::: Study material

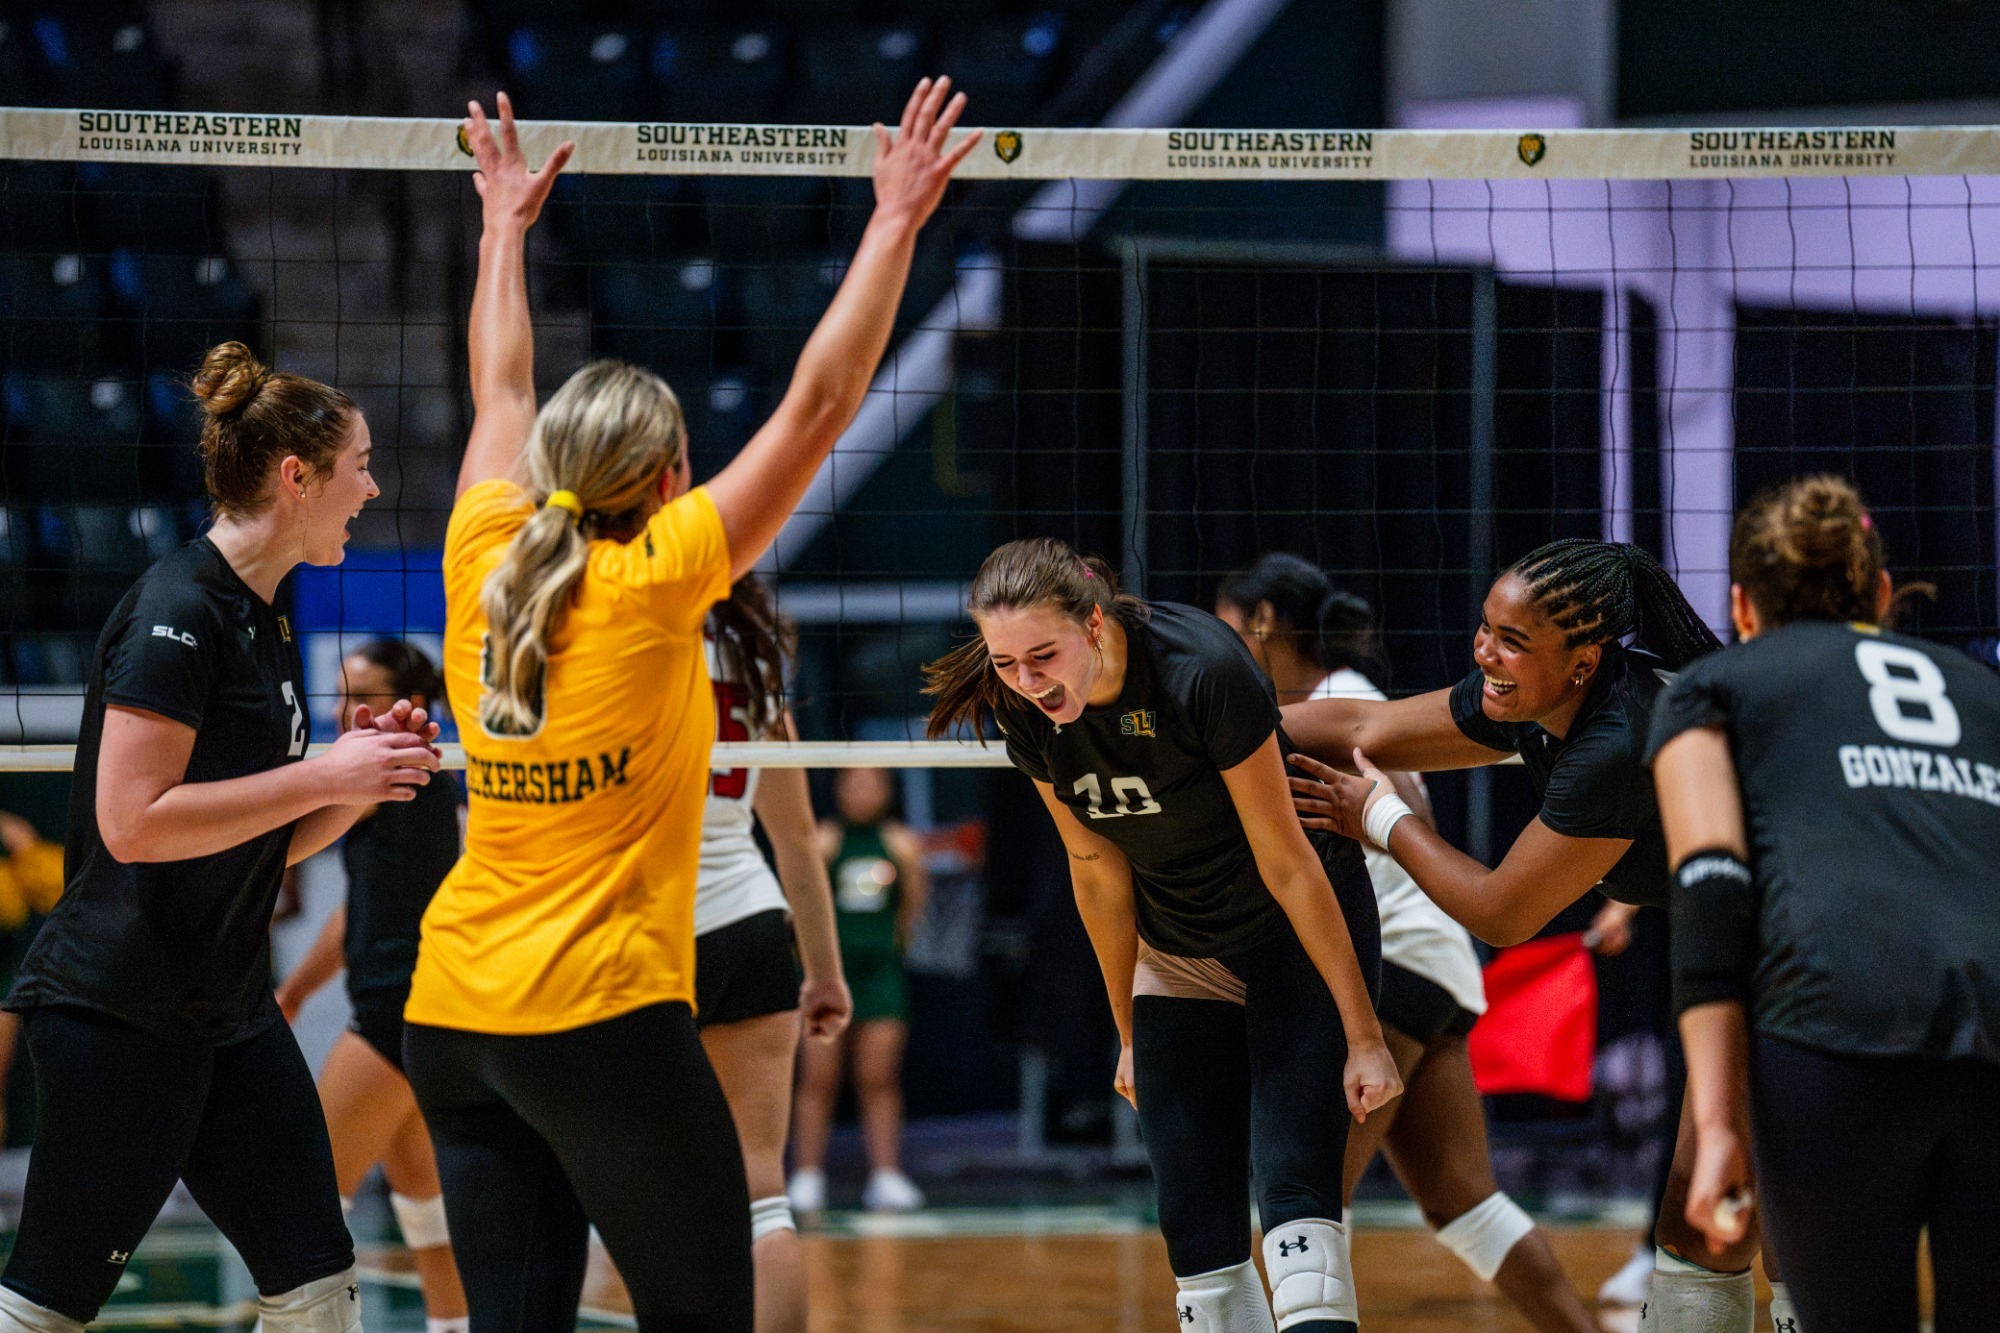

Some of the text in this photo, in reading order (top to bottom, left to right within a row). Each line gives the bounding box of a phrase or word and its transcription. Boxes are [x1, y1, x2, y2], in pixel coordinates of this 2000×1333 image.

[79, 112, 302, 138] SOUTHEASTERN
[637, 124, 848, 147] SOUTHEASTERN
[79, 137, 302, 155] LOUISIANA UNIVERSITY
[1168, 132, 1373, 151] SOUTHEASTERN
[1691, 130, 1896, 150] SOUTHEASTERN
[637, 149, 848, 165] LOUISIANA UNIVERSITY
[1168, 155, 1373, 168] LOUISIANA UNIVERSITY
[1690, 152, 1896, 168] LOUISIANA UNIVERSITY
[152, 624, 198, 649] SLC
[1854, 639, 1961, 748] 8
[281, 680, 306, 757] 2
[1838, 744, 2000, 808] GONZALE
[1073, 772, 1162, 819] 10

::::::

▶ How to complete this task
Print every line above exactly as given, but not the pictures.

▶ Response for this exercise
Some of the text in this photo, in reading order (top to bottom, left to right within a row). Each line gives the bounding box of a phrase or word and its transcription. Boxes are [x1, y1, x2, y2], in pixel coordinates of this 2000×1333 image.

[79, 112, 302, 138] SOUTHEASTERN
[637, 124, 848, 147] SOUTHEASTERN
[79, 137, 302, 155] LOUISIANA UNIVERSITY
[1168, 132, 1373, 151] SOUTHEASTERN
[1691, 130, 1896, 150] SOUTHEASTERN
[637, 149, 848, 165] LOUISIANA UNIVERSITY
[1168, 155, 1373, 168] LOUISIANA UNIVERSITY
[1690, 152, 1896, 168] LOUISIANA UNIVERSITY
[152, 624, 198, 649] SLC
[1854, 639, 1961, 748] 8
[281, 680, 306, 757] 2
[1838, 744, 2000, 808] GONZALE
[1073, 772, 1162, 819] 10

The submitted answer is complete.